WHAT TO WORK ON: Hand back each record exactly as you find it.
*** DATA FOR THE TASK ***
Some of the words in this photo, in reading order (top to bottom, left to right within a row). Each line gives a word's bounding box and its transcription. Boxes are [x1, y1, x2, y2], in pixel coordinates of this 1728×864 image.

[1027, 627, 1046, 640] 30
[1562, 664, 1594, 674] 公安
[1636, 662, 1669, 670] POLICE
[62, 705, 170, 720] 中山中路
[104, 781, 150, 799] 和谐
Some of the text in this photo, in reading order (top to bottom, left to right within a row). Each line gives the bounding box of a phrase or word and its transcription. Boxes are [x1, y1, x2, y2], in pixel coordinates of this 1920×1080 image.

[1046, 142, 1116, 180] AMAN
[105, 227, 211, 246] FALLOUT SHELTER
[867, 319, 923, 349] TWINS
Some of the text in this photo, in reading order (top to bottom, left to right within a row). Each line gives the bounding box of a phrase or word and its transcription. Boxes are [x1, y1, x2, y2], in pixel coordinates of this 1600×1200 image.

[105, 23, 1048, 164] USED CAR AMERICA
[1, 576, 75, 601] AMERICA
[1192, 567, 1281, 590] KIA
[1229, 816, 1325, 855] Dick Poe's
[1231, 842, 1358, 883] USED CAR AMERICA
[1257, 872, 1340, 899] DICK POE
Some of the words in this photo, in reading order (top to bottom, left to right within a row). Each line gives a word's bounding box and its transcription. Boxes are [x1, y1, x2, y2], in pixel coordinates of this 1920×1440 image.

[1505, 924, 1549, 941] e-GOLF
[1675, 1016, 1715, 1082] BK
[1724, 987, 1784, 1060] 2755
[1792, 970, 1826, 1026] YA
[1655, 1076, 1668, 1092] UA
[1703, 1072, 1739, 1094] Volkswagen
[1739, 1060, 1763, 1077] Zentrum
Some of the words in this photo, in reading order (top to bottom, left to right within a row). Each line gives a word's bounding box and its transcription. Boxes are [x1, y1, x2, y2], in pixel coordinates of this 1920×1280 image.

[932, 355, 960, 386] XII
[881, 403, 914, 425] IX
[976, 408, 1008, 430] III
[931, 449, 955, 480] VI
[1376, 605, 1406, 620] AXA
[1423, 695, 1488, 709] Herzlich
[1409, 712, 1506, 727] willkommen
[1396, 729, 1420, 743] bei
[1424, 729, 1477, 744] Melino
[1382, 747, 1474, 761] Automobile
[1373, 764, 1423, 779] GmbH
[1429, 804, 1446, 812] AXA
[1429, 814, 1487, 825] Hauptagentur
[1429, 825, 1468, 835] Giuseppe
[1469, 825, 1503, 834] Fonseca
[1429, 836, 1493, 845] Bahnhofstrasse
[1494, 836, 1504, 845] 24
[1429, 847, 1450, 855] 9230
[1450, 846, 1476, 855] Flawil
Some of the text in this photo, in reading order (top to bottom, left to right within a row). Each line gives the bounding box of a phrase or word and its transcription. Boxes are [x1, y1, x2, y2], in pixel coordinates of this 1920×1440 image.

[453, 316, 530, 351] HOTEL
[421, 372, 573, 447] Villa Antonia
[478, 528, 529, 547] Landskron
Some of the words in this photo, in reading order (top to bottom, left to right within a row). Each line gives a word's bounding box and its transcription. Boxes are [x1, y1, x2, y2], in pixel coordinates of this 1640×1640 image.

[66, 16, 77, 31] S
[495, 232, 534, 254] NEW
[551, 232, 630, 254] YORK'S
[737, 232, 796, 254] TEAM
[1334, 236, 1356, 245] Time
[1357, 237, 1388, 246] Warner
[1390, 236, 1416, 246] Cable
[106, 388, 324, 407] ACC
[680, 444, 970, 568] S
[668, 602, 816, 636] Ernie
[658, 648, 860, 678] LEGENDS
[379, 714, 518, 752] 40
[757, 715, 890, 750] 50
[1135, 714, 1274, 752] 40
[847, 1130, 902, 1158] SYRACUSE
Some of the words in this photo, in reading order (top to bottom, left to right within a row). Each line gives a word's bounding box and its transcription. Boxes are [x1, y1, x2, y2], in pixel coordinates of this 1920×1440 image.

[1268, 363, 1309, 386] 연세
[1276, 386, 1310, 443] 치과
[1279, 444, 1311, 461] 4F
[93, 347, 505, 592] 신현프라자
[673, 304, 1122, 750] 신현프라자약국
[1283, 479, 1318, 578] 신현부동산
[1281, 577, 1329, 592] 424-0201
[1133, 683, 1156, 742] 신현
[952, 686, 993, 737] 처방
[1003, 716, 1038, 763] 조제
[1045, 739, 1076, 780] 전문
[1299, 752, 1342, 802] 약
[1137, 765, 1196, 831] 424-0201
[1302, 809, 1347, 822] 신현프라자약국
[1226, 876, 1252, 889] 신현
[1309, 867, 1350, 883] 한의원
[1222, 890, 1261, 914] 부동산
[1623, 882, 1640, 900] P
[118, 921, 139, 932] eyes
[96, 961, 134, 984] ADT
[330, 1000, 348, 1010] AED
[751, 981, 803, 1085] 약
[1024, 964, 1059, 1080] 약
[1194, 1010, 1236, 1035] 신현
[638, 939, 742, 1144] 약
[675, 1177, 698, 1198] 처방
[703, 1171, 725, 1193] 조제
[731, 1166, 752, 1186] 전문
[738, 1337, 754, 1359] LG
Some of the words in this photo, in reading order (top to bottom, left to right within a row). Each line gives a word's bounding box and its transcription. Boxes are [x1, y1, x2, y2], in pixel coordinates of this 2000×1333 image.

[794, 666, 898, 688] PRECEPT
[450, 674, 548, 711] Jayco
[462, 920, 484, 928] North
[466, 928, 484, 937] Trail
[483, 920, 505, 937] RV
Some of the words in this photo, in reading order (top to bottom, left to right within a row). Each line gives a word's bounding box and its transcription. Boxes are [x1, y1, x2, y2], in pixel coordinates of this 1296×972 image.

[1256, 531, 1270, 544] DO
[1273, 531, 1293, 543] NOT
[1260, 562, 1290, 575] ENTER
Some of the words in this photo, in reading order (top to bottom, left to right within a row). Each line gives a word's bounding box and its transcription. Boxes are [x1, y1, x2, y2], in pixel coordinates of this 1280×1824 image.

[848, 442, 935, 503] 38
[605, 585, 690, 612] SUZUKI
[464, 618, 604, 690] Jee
*** End of DATA FOR THE TASK ***
RESPONSE FOR THIS EXERCISE:
Some of the words in this photo, in reading order (top to bottom, left to right within a row). Each line gives a word's bounding box and its transcription. Boxes are [x1, y1, x2, y2], in pixel coordinates of this 1728×864 image.

[1027, 627, 1046, 640] 30
[1562, 664, 1594, 674] 公安
[1636, 662, 1669, 670] POLICE
[62, 705, 170, 720] 中山中路
[104, 781, 150, 799] 和谐
Some of the text in this photo, in reading order (top to bottom, left to right within a row). Each line gives the bounding box of a phrase or word and its transcription. Boxes are [x1, y1, x2, y2], in pixel coordinates of this 1920×1080 image.

[1046, 142, 1116, 180] AMAN
[105, 227, 211, 246] FALLOUT SHELTER
[867, 319, 923, 349] TWINS
Some of the text in this photo, in reading order (top to bottom, left to right within a row). Each line gives the bounding box of a phrase or word and its transcription. Boxes are [x1, y1, x2, y2], in pixel coordinates of this 1600×1200 image.

[105, 23, 1048, 164] USED CAR AMERICA
[1, 576, 75, 601] AMERICA
[1192, 567, 1281, 590] KIA
[1229, 816, 1325, 855] Dick Poe's
[1231, 842, 1358, 883] USED CAR AMERICA
[1257, 872, 1340, 899] DICK POE
Some of the words in this photo, in reading order (top to bottom, left to right within a row). Each line gives a word's bounding box and its transcription. Boxes are [x1, y1, x2, y2], in pixel coordinates of this 1920×1440 image.

[1505, 924, 1549, 941] e-GOLF
[1675, 1016, 1715, 1082] BK
[1724, 987, 1784, 1060] 2755
[1792, 970, 1826, 1026] YA
[1655, 1076, 1668, 1092] UA
[1703, 1072, 1739, 1094] Volkswagen
[1739, 1060, 1763, 1077] Zentrum
Some of the words in this photo, in reading order (top to bottom, left to right within a row). Each line gives a word's bounding box and its transcription. Boxes are [x1, y1, x2, y2], in pixel coordinates of this 1920×1280 image.

[932, 355, 960, 386] XII
[881, 403, 914, 425] IX
[976, 408, 1008, 430] III
[931, 449, 955, 480] VI
[1376, 605, 1406, 620] AXA
[1423, 695, 1488, 709] Herzlich
[1409, 712, 1506, 727] willkommen
[1396, 729, 1420, 743] bei
[1424, 729, 1477, 744] Melino
[1382, 747, 1474, 761] Automobile
[1373, 764, 1423, 779] GmbH
[1429, 804, 1446, 812] AXA
[1429, 814, 1487, 825] Hauptagentur
[1429, 825, 1468, 835] Giuseppe
[1469, 825, 1503, 834] Fonseca
[1429, 836, 1493, 845] Bahnhofstrasse
[1494, 836, 1504, 845] 24
[1429, 847, 1450, 855] 9230
[1450, 846, 1476, 855] Flawil
Some of the text in this photo, in reading order (top to bottom, left to right within a row). Each line gives the bounding box of a phrase or word and its transcription. Boxes are [x1, y1, x2, y2], in pixel coordinates of this 1920×1440 image.

[453, 316, 530, 351] HOTEL
[421, 372, 573, 447] Villa Antonia
[478, 528, 529, 547] Landskron
Some of the words in this photo, in reading order (top to bottom, left to right within a row). Each line gives a word's bounding box and its transcription. Boxes are [x1, y1, x2, y2], in pixel coordinates of this 1640×1640 image.

[66, 16, 77, 31] S
[495, 232, 534, 254] NEW
[551, 232, 630, 254] YORK'S
[737, 232, 796, 254] TEAM
[1334, 236, 1356, 245] Time
[1357, 237, 1388, 246] Warner
[1390, 236, 1416, 246] Cable
[106, 388, 324, 407] ACC
[680, 444, 970, 568] S
[668, 602, 816, 636] Ernie
[658, 648, 860, 678] LEGENDS
[379, 714, 518, 752] 40
[757, 715, 890, 750] 50
[1135, 714, 1274, 752] 40
[847, 1130, 902, 1158] SYRACUSE
Some of the words in this photo, in reading order (top to bottom, left to right within a row). Each line gives a word's bounding box and its transcription. Boxes are [x1, y1, x2, y2], in pixel coordinates of this 1920×1440 image.

[1268, 363, 1309, 386] 연세
[1276, 386, 1310, 443] 치과
[1279, 444, 1311, 461] 4F
[93, 347, 505, 592] 신현프라자
[673, 304, 1122, 750] 신현프라자약국
[1283, 479, 1318, 578] 신현부동산
[1281, 577, 1329, 592] 424-0201
[1133, 683, 1156, 742] 신현
[952, 686, 993, 737] 처방
[1003, 716, 1038, 763] 조제
[1045, 739, 1076, 780] 전문
[1299, 752, 1342, 802] 약
[1137, 765, 1196, 831] 424-0201
[1302, 809, 1347, 822] 신현프라자약국
[1226, 876, 1252, 889] 신현
[1309, 867, 1350, 883] 한의원
[1222, 890, 1261, 914] 부동산
[1623, 882, 1640, 900] P
[118, 921, 139, 932] eyes
[96, 961, 134, 984] ADT
[330, 1000, 348, 1010] AED
[751, 981, 803, 1085] 약
[1024, 964, 1059, 1080] 약
[1194, 1010, 1236, 1035] 신현
[638, 939, 742, 1144] 약
[675, 1177, 698, 1198] 처방
[703, 1171, 725, 1193] 조제
[731, 1166, 752, 1186] 전문
[738, 1337, 754, 1359] LG
Some of the words in this photo, in reading order (top to bottom, left to right within a row). Each line gives a word's bounding box and its transcription. Boxes are [x1, y1, x2, y2], in pixel coordinates of this 2000×1333 image.

[794, 666, 898, 688] PRECEPT
[450, 674, 548, 711] Jayco
[462, 920, 484, 928] North
[466, 928, 484, 937] Trail
[483, 920, 505, 937] RV
Some of the words in this photo, in reading order (top to bottom, left to right within a row). Each line gives a word's bounding box and its transcription. Boxes are [x1, y1, x2, y2], in pixel coordinates of this 1296×972 image.

[1256, 531, 1270, 544] DO
[1273, 531, 1293, 543] NOT
[1260, 562, 1290, 575] ENTER
Some of the words in this photo, in reading order (top to bottom, left to right within a row). Each line gives a word's bounding box and its transcription. Boxes are [x1, y1, x2, y2], in pixel coordinates of this 1280×1824 image.

[848, 442, 935, 503] 38
[605, 585, 690, 612] SUZUKI
[464, 618, 604, 690] Jee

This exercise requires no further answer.